**What is being asked**
Would you copy every record exactly as it stands and drop the pictures?

++++

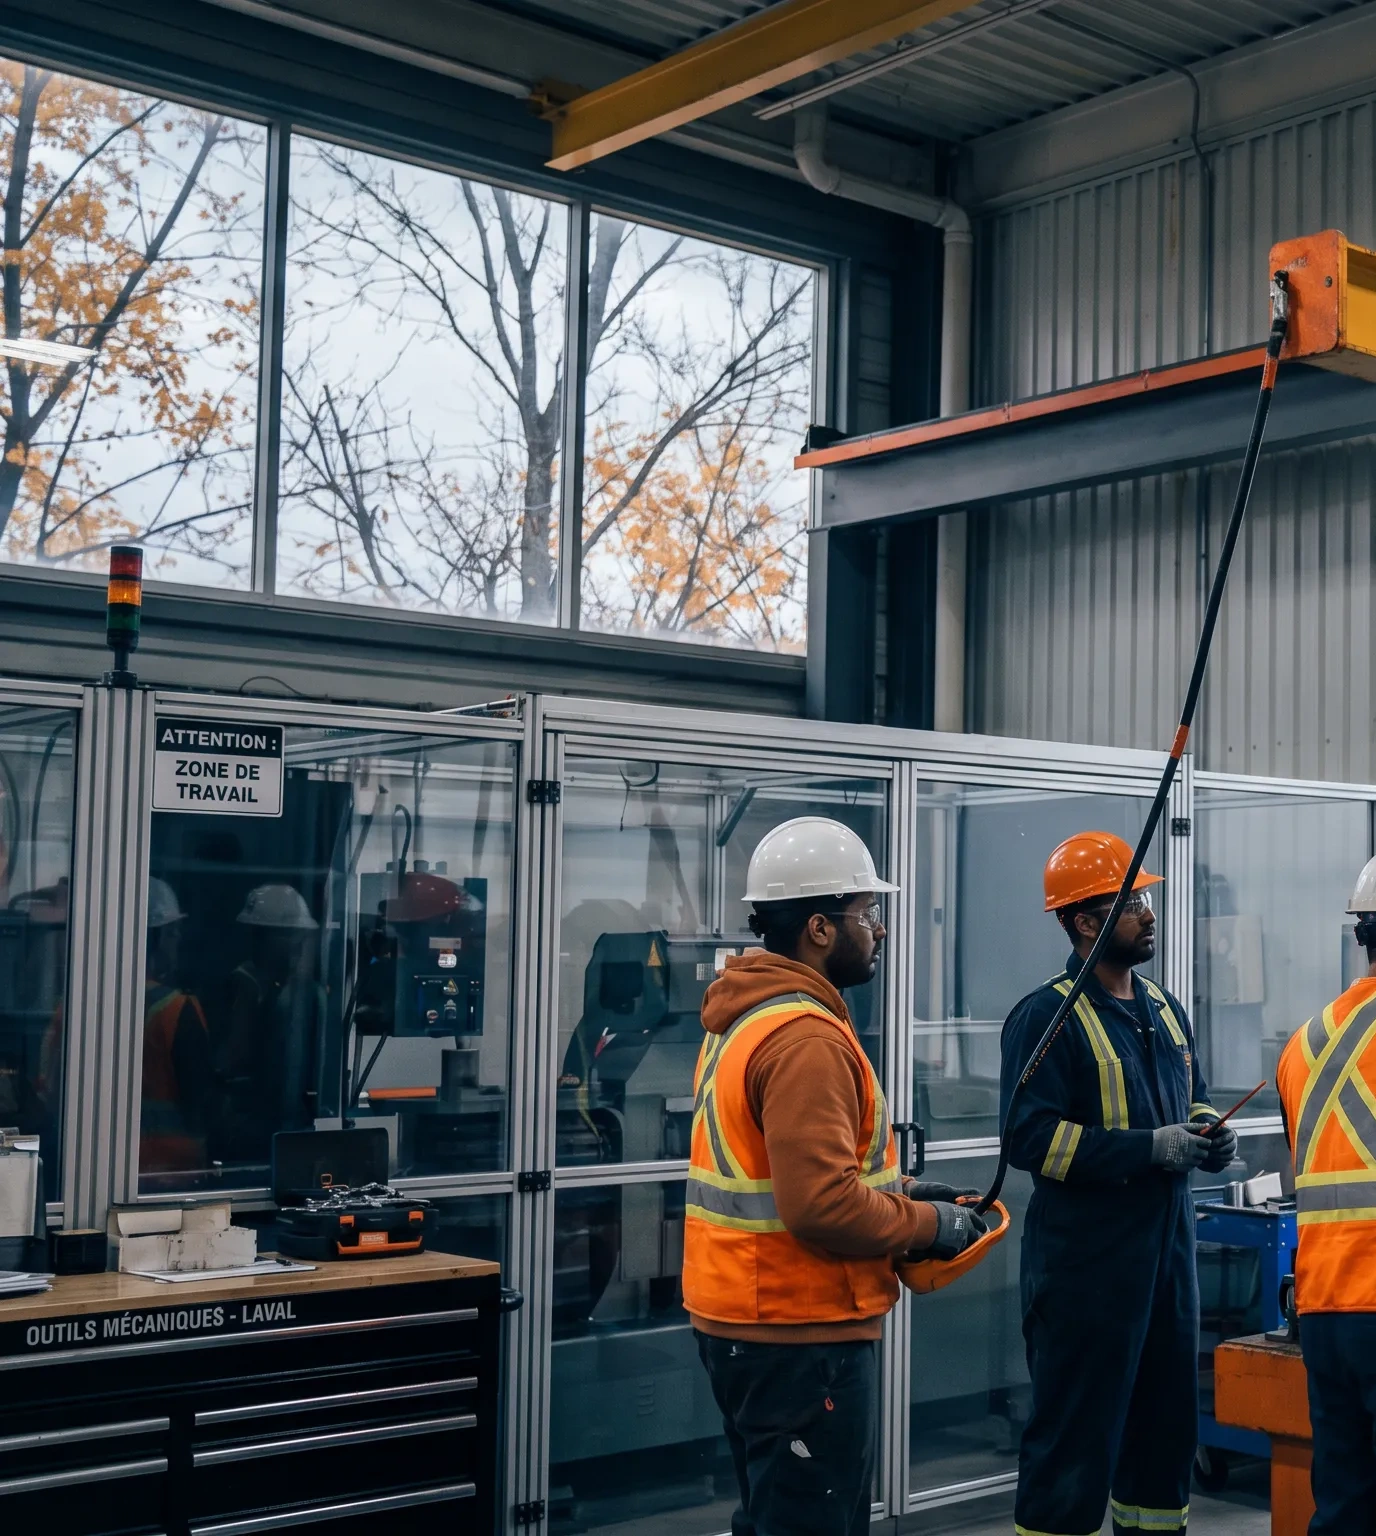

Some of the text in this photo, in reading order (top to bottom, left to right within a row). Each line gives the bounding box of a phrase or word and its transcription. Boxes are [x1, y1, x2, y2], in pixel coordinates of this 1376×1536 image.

[161, 728, 266, 750] ATTENTION
[175, 760, 260, 780] ZONE DE
[176, 783, 258, 803] TRAVAIL
[26, 1319, 97, 1346] OUTILS
[103, 1306, 224, 1338] MÉCANIQUES
[242, 1301, 296, 1324] LAVAL

++++

**Exercise result**
Some of the text in this photo, in reading order (top to bottom, left to right within a row). Each line gives the bounding box of a phrase or word and its transcription. Boxes are [x1, y1, x2, y2], in pixel coordinates of this 1376×1536 image.

[161, 728, 266, 750] ATTENTION
[175, 760, 260, 780] ZONE DE
[176, 783, 258, 803] TRAVAIL
[26, 1319, 97, 1346] OUTILS
[103, 1306, 224, 1338] MÉCANIQUES
[242, 1301, 296, 1324] LAVAL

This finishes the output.